Потом была еще такая же мертвая деревня, и еще такая же. И оттого, что солдаты шли тут не с боем, а вроде как смотрели со стороны, черное горе этих деревень цепляло их за сердце больше обычного, и тоска разоренной и неухоженной земли тугим комом оседала в груди. И вспоминали они свои такие же деревни, свои крытые соломой избы, свои ждущие мужицкой ласки поля. И впивались в винтовки задубелые солдатские пальцы, металось мрачное нетерпение в глазах — скорее, скорее туда, где свистят и хлопают пули, где вспахивают землю тупорылые снаряды, скорее лицом к лицу с врагом.

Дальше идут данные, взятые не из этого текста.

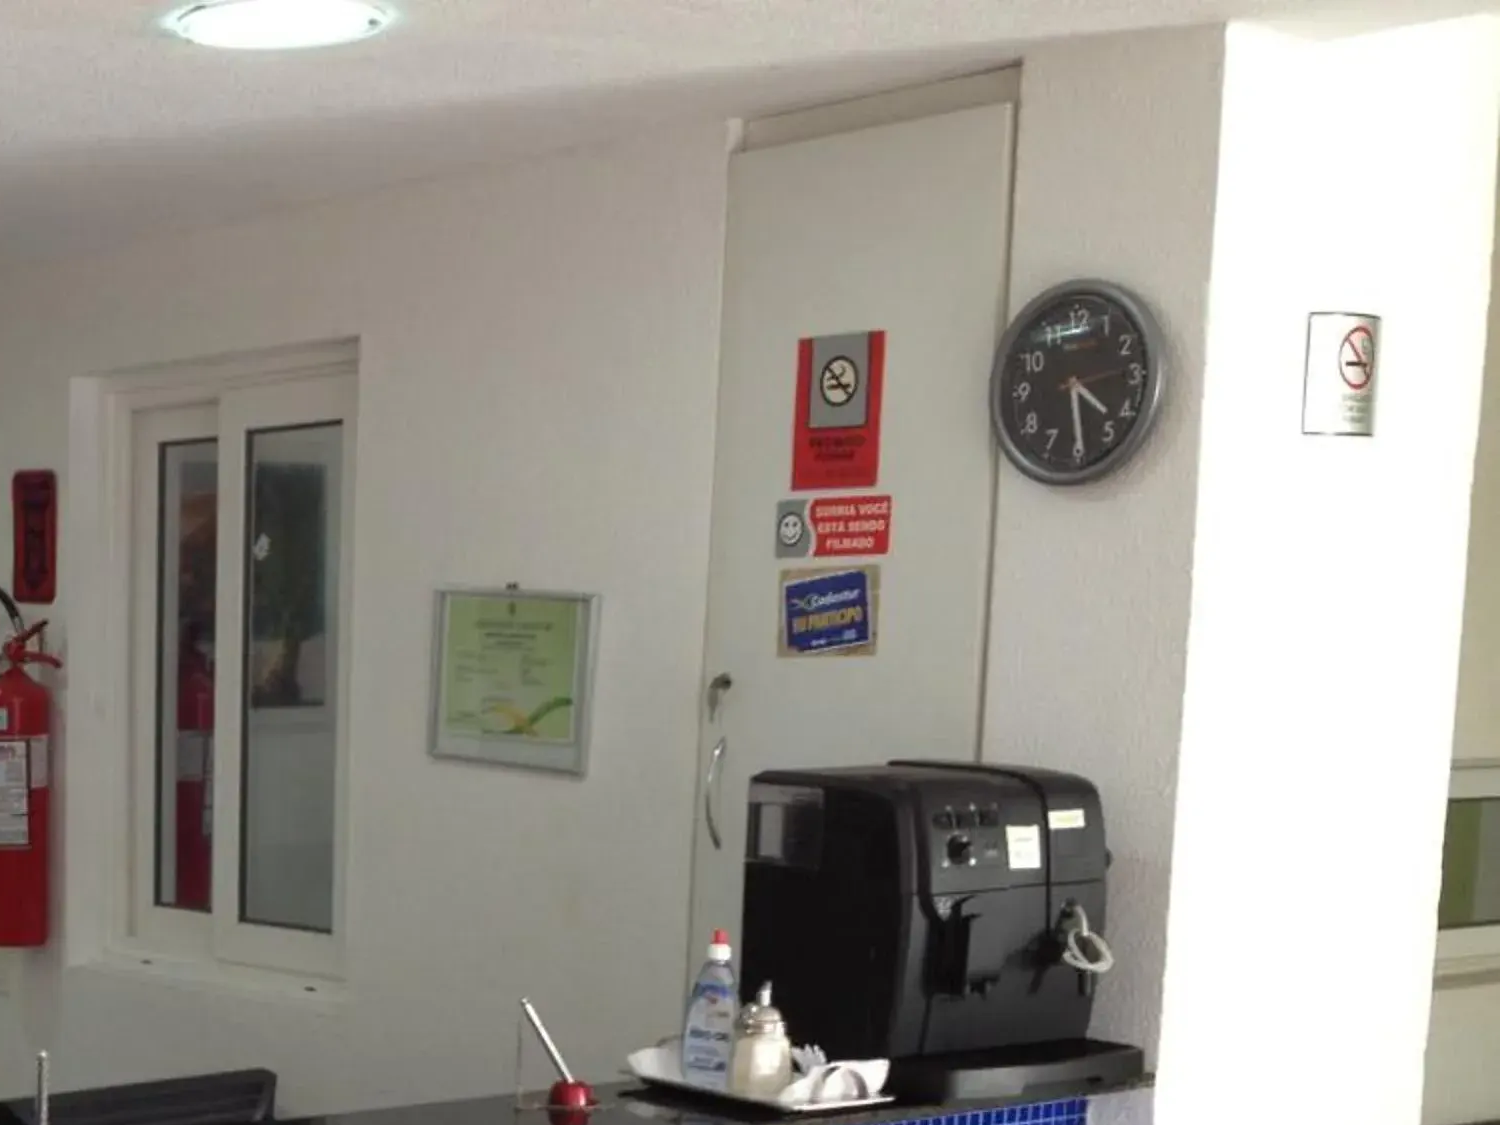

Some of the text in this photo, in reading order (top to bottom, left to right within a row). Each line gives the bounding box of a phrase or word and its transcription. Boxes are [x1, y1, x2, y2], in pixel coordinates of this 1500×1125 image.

На повороте к большаку сиплый голос сержанта Егорова возвестил смятенно:
— Товарищ командир… Ребенок в хлебах!
Рота остановилась.
Слева от дороги полегшие колосья раздвинулись, на мгновение мелькнуло чумазое личико. И тут же змеей заколебалась по верху рожь: кто-то невидимый убегал в глубь поля.
— Эй-эй!.. — закричал Егоров, вступая в хлеба. — Да ты стой, куды утекаешь? Стой, говорю, вертай обратно… Иди, иди сюда!
Змеи по верху больше не было. Во ржи остановились и слушали.
— Подь, говорю, сюда, — с сердитой лаской уговаривал Егоров. — Слышь, что ли?
— Слышу, — тоненько ответило поле.
— Ну, и давай сюда!
Рожь и раз, и другой качнулась к роте и снова замерла.
— А може — вы немцы? — остерегся тоненький голосок.
— Та ни же! — придвинулся к Егорову седоусый Потапенко. — Ни, доню, я вкраинець… Русские мы!
Рожь заколыхалась и выпустила девочку в рваном платьишке. Было девчушке лет пять.
— Чья ты? — присел перед ней на корточки Потапенко.
— Была мамкина, — ответила девочка, разглядывая его усы. — А теперь ничья. Это у тебя что?
— Усы.
— Усы-и!.. — восхищенно протянула девочка.
— Где же твоя мамка? — спросил Егоров.
— Там, — показала рукой девочка, — в овраге лежит.
— Зачем же она в овраге? — тихо спросил Потапенко.
— Немцы застрелили. А вороны глаза поклевали, — сказала девочка, трогая ладошкой Потапенков ус.
Потапенко поднял ее на руки. Рота двинулась дальше.
— Звать-то тебя как? — расспрашивал Потапенко.
— Маша.
Из конца роты донеслось:
— И у меня дочку Машей зовут…
— И у меня, — сказал Егоров. — Потапенко, дай я девочку понесу.